Contact Information:
U.S. Department of the Interior, U.S. Geological Survey
Office of Communication
119 National Center
Reston, VA 20192
Katherine Kendall 1-click interview
Phone: 406-888-7994

Catherine Haecker
Phone: 703-648-4283

**Lecture scheduled for11 A.M., Thur., Apr. 1, 1999**

NOTE TO NEWS EDITORS: Reproducible remote camera photos of bears at hair traps and scientist in the field may be found at: http://biology.usgs.gov/pr/newsrelease/1999/3-29b.tif

For more information on the project, please visit our website at: http://www.mesc.usgs.gov/glacier/beardna.htm .

Recent advances in genetic technology that allow scientists to study bear populations without handling bears is the topic of Katherine Kendall’s lecture scheduled for April 1st at the U.S. Geological Survey’s (USGS) Visitor Center. Reporters are invited to attend and cover the event. Kendall will be available to address questions following her lecture.
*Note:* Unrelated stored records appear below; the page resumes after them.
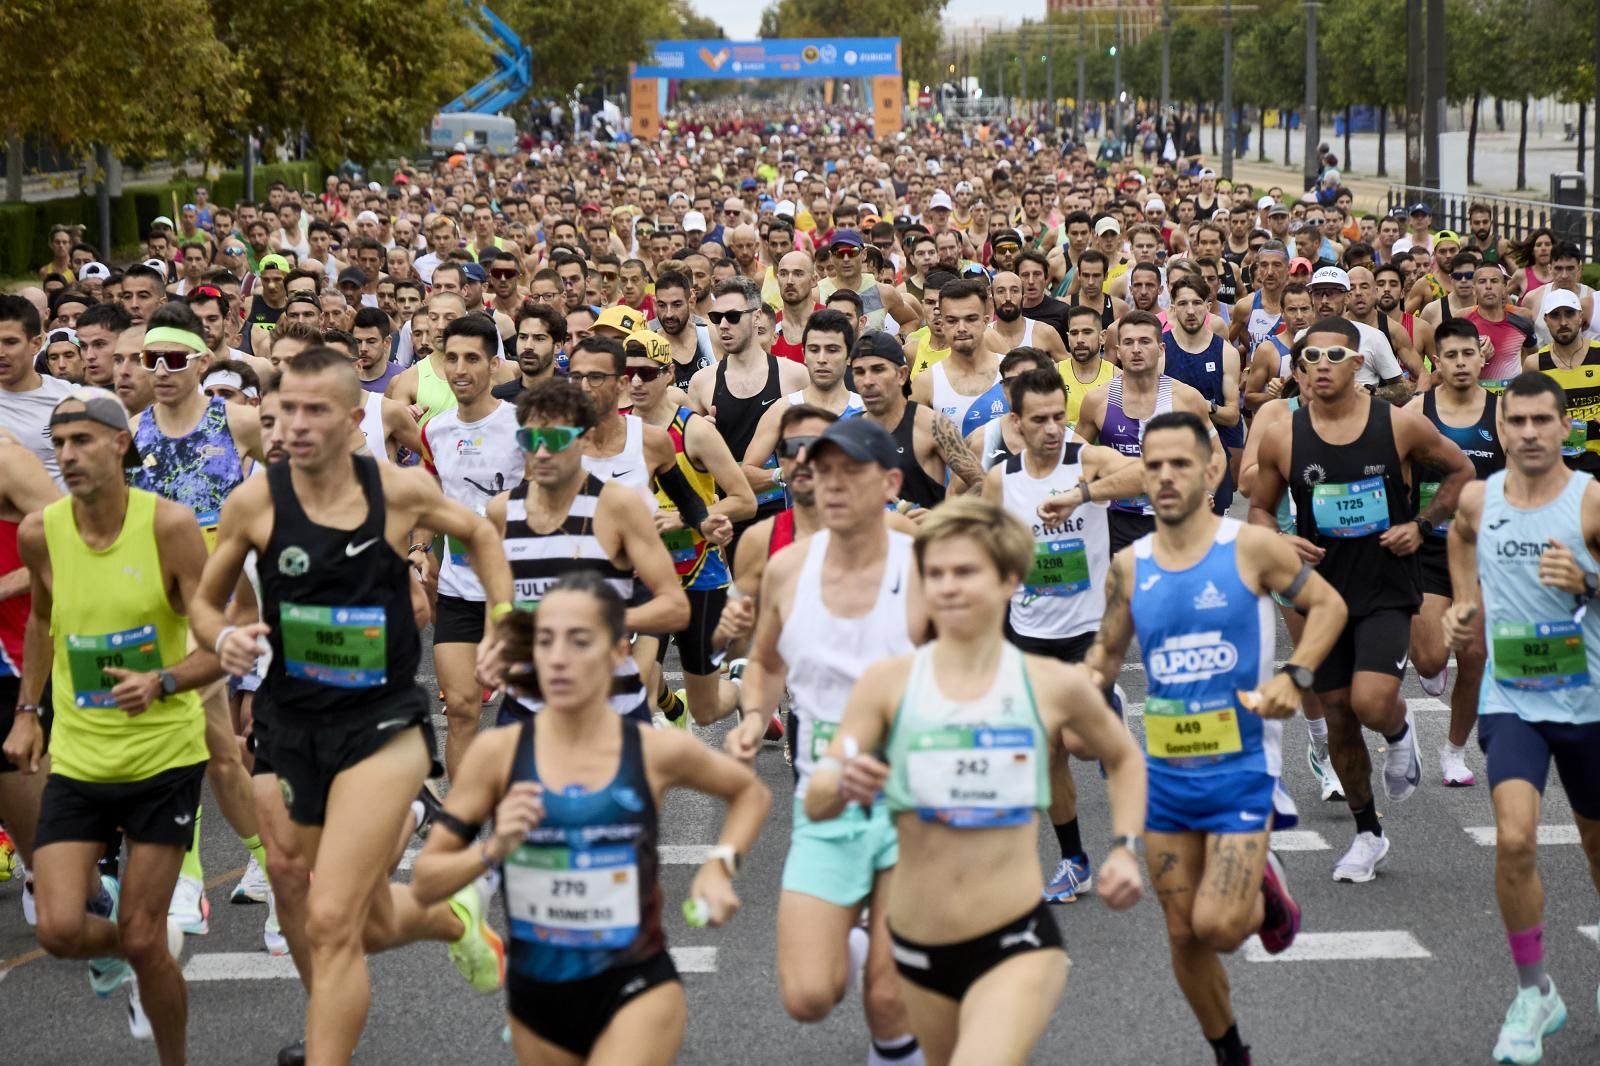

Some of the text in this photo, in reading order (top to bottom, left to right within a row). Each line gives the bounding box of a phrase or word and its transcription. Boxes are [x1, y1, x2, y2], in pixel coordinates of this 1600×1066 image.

[1336, 498, 1364, 511] 1725
[1340, 515, 1365, 526] Dylan
[1037, 557, 1064, 569] 1208
[316, 630, 345, 646] 985
[1523, 643, 1550, 657] 922
[1174, 721, 1202, 735] 449
[955, 758, 990, 777] 242
[552, 880, 587, 897] 270
Through innovative and non-invasive methods, Kendall and other USGS staff are providing baseline data on the grizzly population in Glacier National Park and, equally important, protocols for long-term monitoring of this threatened species. The study, which Kendall leads, involves nine federal, state, and tribal agencies and spans a 2-million-acre area centered on the park.

The technology allows identification of species, sex, and individuals from DNA extracted from bear hair and scats (droppings). Previous grizzly population studies in forested habitats were often accomplished with the use of radio telemetry, which is expensive and disruptive to bears, as well as to park visitors. Until now, no demographic study of the Glacier National Park grizzly bear population has been conducted and no data exist on the population’s size, status, or trends.

USGS headquarters is located at 12201 Sunrise Valley Drive in Reston, Va. >From Washington D.C., take I-66 West to the Dulles Toll Road (267), about 10 miles, to the Reston Parkway exit. Turn left on to Reston Parkway and follow for about 1.5 miles and turn right at the first intersection, on to Sunrise Valley Dr. Follow Sunrise Valley to the sign for USGS, Dept. of the Interior (sign on left), turn left, and follow signs to visitor parking.